CINCINNATI — If you’ve ever wondered how a news story made it on the air or online for WCPO 9 keep reading.

Stories at WCPO 9 go through a complex process to make it on television. From the initial pitch, to making it through numerous editorial meetings, to writing, revising, editing and finally airing on television and publishing on the internet.

Finding the Story
The stories that make it at WCPO 9 are compelling and local. It starts with a pitch, usually from a reporter or someone in the newsroom who’s encountered something or seen something out in the community.

“Sometimes it feels like we're playing Jenga,” said Senior Manager of Editorial, Molly Miossi. “With all the different things that we have to cover. All the press releases that are coming into us, all the things that our reporters are finding happening in the communities that we want to tell.”

Story ideas are submitted through an online system that managers can look through and start a conversation about what’s newsworthy for that day. Those ideas are then passed out and reporters get to work on tracking down interviews and putting the story together.

Breaking News
Keeping up with what’s happening is not an easy task. Assignment manager Ramsay Fulbright and his team are in charge of keeping track of breaking news and making sure there are enough resources to cover a breaking event, all while juggling the resources that are being used for the community stories already underway.

“That’s one thing that people always talk about, why didn’t you cover this, why didn’t you cover that. I don’t think they realize the answer is I only have a finite number of people,” said Fulbright.

The assignment desk has several news scanners to help keep track of the emergencies happening in our area.

“We have seven different scanners from various counties around the area that we have a staff member listening to pretty much 24 hours a day, seven days a week,” he said. “So, we're always hearing what’s going on in town.”

Fulbright says another important tool to keeping up with what’s happening right now is calls from viewers and social media.

“We follow various different agencies on Twitter, and various Facebook pages and they do a great job of putting up updates,” said Fulbright.

How reporters gather
On the day we shot this story, reporter Josh Bazan was assigned to a fun story about a fan gearing up for the Bengals playoff matchup against Tennessee.

“Something like the playoffs is a big thing that everybody is paying attention to,” said Bazan. “There's almost an infinite number of stories. It's just a matter of finding which ones are interesting and sharing those really cool stories about our community.”

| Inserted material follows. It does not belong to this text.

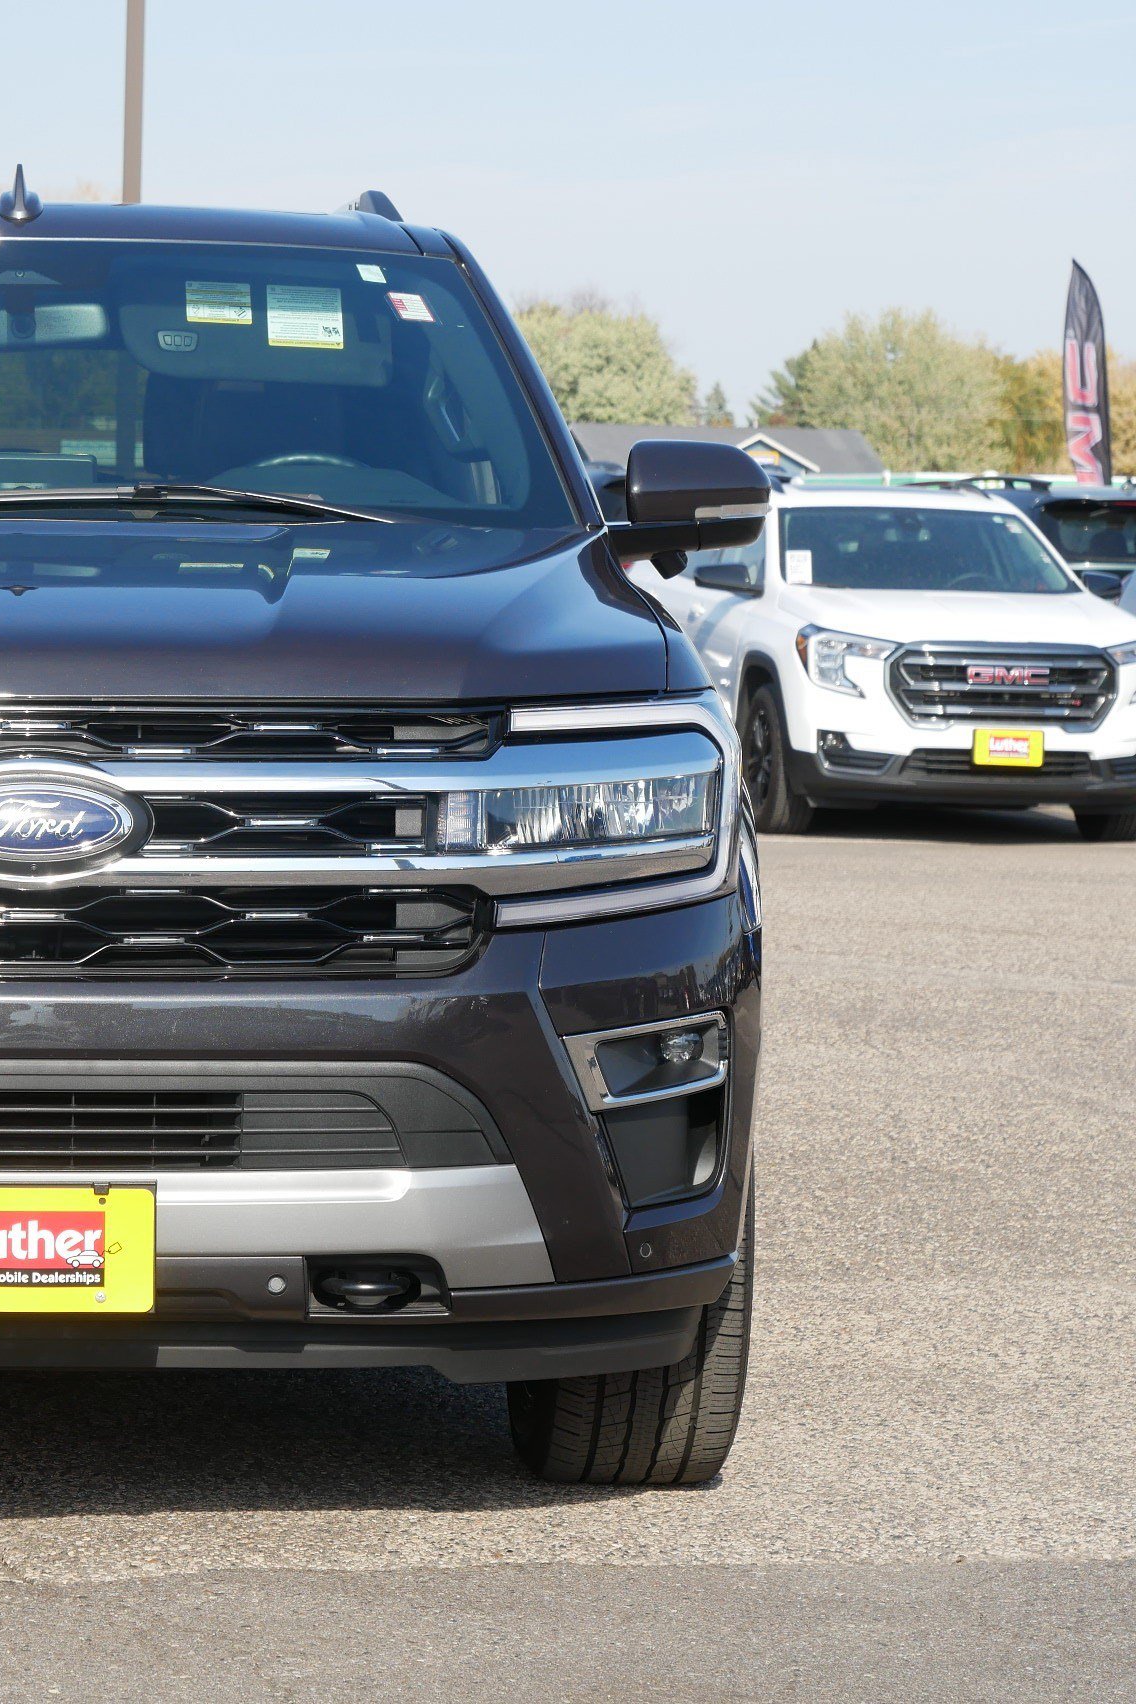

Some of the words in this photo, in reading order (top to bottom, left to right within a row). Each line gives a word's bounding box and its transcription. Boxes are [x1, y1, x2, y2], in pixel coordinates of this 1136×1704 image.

Bazan is a reporter, but he’s also considered a Multimedia Journalist, which means he can do every aspect of news gathering: He can shoot the interview, write the story, and edit it for publication when he’s assigned to work alone.

“It has its challenges,” said Bazan. “I like it. You get more control over the story. I get to shoot everything. I do the interviews myself and I edit the story. So, there's more control over every aspect of it. But that means there's more work to do. So, it's got challenges but it's fun and I enjoy it.”

Stacking the Newscast
Producers are who is responsible for filling up the newscast. It’s a mix of the stories assigned to reporters for the day, breaking news and national news that may have an impact on local viewers.

“I always ask myself is, will people care about this? Will a mom care about this will someone my age care about this will someone twice my age care about this,” said Producer Dan Wohler.

Each show gets filled with stories ranging from the Bengals recent win over the Titans to the latest on COVID-19.

“The virus kind of impacts every facet of life now,” said Wohler. “Something may be changing because of the virus or something maybe new because of the virus. It feels like everything is kind of like a COVID story at this point.”

Making it in front of you
Before the story makes it on television and online, there are several eyes checking it to make sure the facts are straight, and you are getting all the information you need from that story.

“The stories that we tell are about specific neighborhoods, about your community leaders, about your city leaders, and we try to tell stories that, whether it's the biggest national story of the day, how is that going to impact you here locally,” Miossi said.